Internet ci renderà stupidi? Conversazione con Paolo Crepet
Si può parlare davvero di assedio della tecnologia alla sfera creativa? “I danni si vedranno tra qualche anno”, spiega lo psichiatra
Da quando Nicholas Carr ha scritto il celebre saggio Is Google making us stupid? schiere di studiosi, giornalisti ed esperti si interrogano sugli effetti che l’utilizzo della rete può avere sulla mente umana. A quasi dieci anni di distanza da quella provocazione profetica, il problema che poneva Carr non è più semplicemente di natura cognitiva ma arriva a sfiorare la sfera evolutiva. L’affermarsi della tecnologia mobile non ha fatto altro che accelerare in maniera paurosa il processo di trasferimento delle capacità umane, comprese quelle creative.
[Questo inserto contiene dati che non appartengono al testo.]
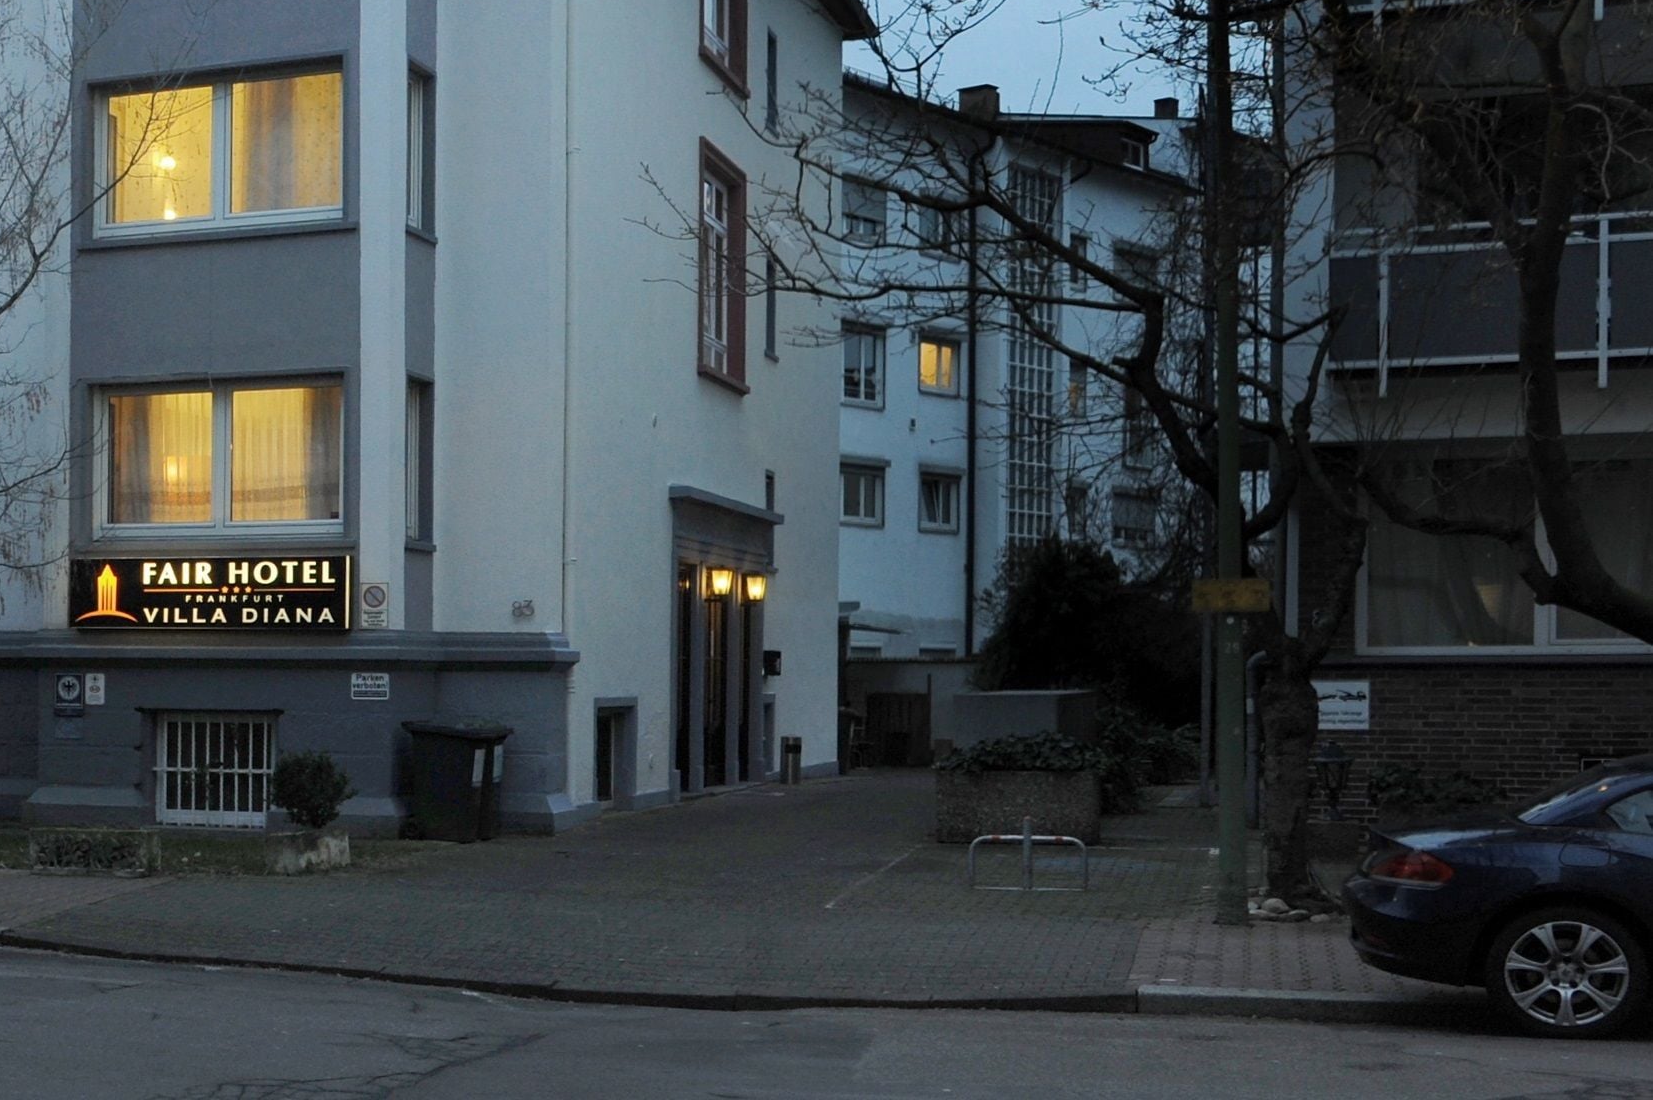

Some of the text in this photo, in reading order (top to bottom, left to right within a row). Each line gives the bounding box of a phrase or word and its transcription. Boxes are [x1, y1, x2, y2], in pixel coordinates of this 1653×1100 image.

Si pensi, banalmente, alla scrittura a mano. La Finlandia è stato uno dei primi paesi ad abbandonare il suo insegnamento nelle scuole elementari. Ci si è chiesti a che serve, se al giorno d’oggi tutti scrivono utilizzando una tastiera? Già qualche anno fa il Washington Post lamentava la scomparsa del corsivo dalle scuole pubbliche americane, causata dell’introduzione del Common Core State Standard, il protocollo educativo che lascia ampia autonomia decisionale in materia ai singoli stati. Tutto ciò in barba agli innumerevoli studi scientifici che dimostrano come la scrittura a mano sia un’attività benefica sia dal punto di vista cognitivo che motorio. In particolare uno di essi ha recentemente dimostrato la correlazione tra scrittura al computer e diminuita capacità motoria delle braccia.
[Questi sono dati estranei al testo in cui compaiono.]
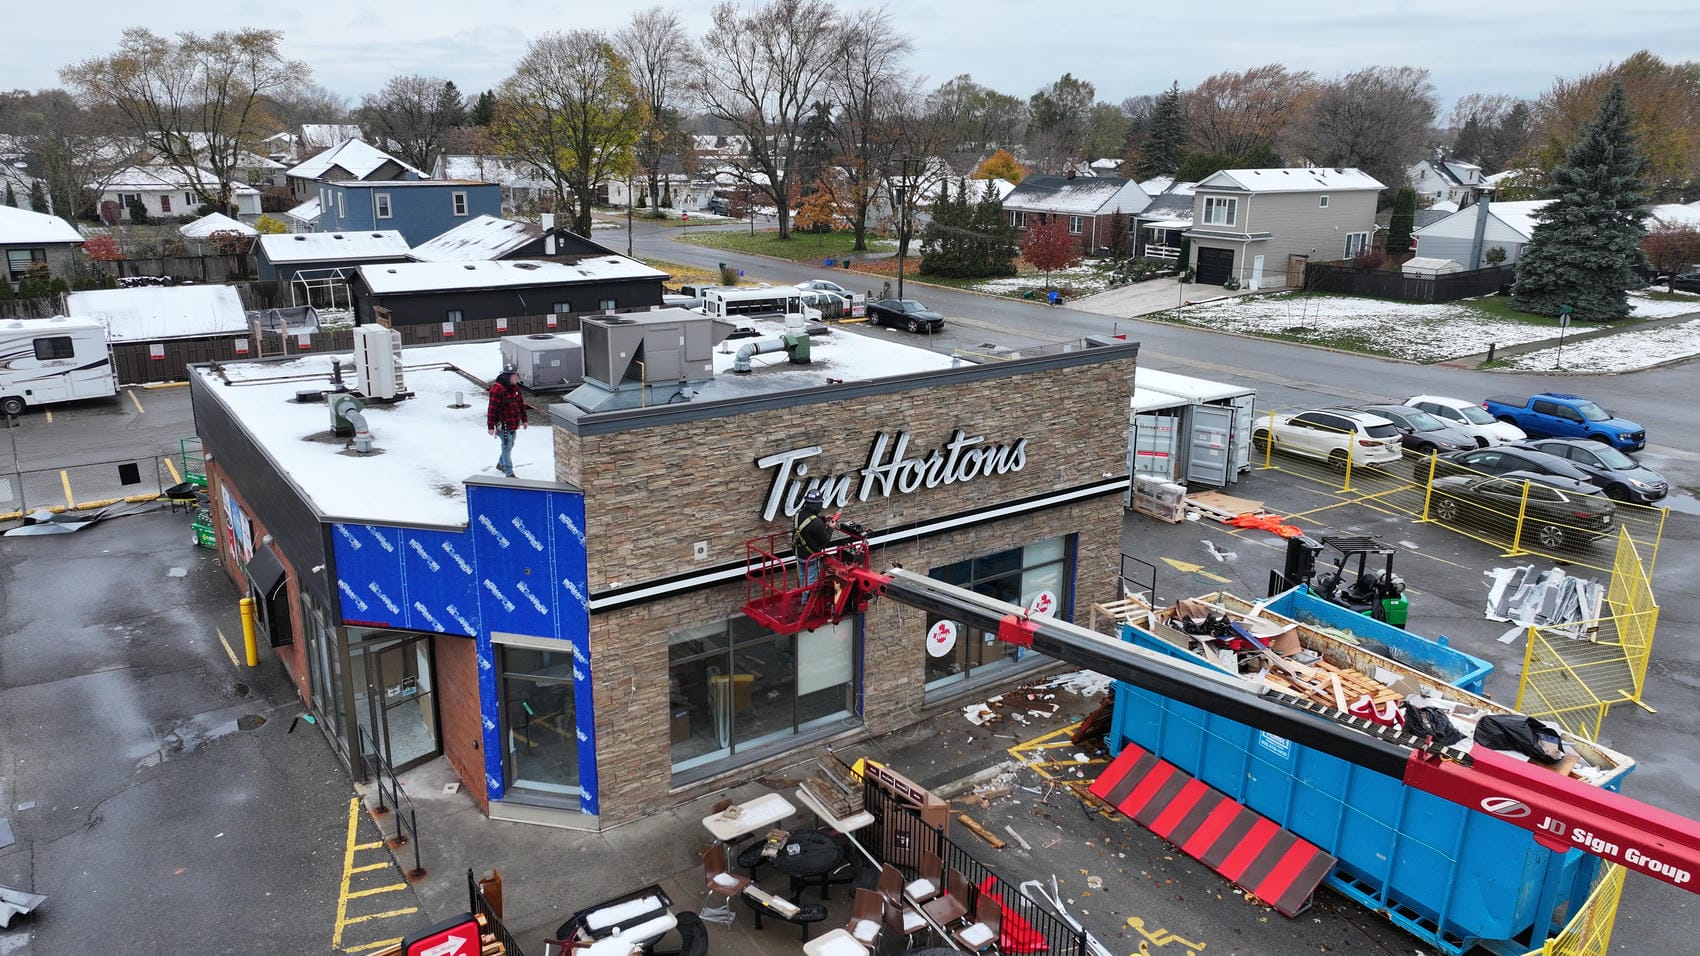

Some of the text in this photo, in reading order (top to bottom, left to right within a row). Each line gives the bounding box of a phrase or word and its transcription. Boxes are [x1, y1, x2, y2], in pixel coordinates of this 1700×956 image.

[757, 430, 1028, 522] Tim Hortons
[1537, 816, 1691, 884] JD Sign Group
Ma l’assedio della tecnologia alla sfera creativa non si ferma alla sola scrittura: ormai esiste una app quasi per ogni funzione che richieda un engagement creativo o cognitivo. L’ultima in ordine di tempo è AutoDraw, un progetto di Google basato sull’intelligenza artificiale. È sufficiente tracciare un disegno a mano libera e subito il software offre diverse interpretazioni sul soggetto disegnato: basta un clic e il nostro scarabocchio si trasforma in un vettoriale perfetto! C’è poi SwiftScribe, del colosso cinese Baidu, capace di trascrivere un testo complesso a partire da una registrazione audio; oppure Google Translate, sempre più accurato grazie ai nuovi sviluppi delle reti neurali. L’elenco potrebbe continuare a lungo, ma il concetto è chiaro.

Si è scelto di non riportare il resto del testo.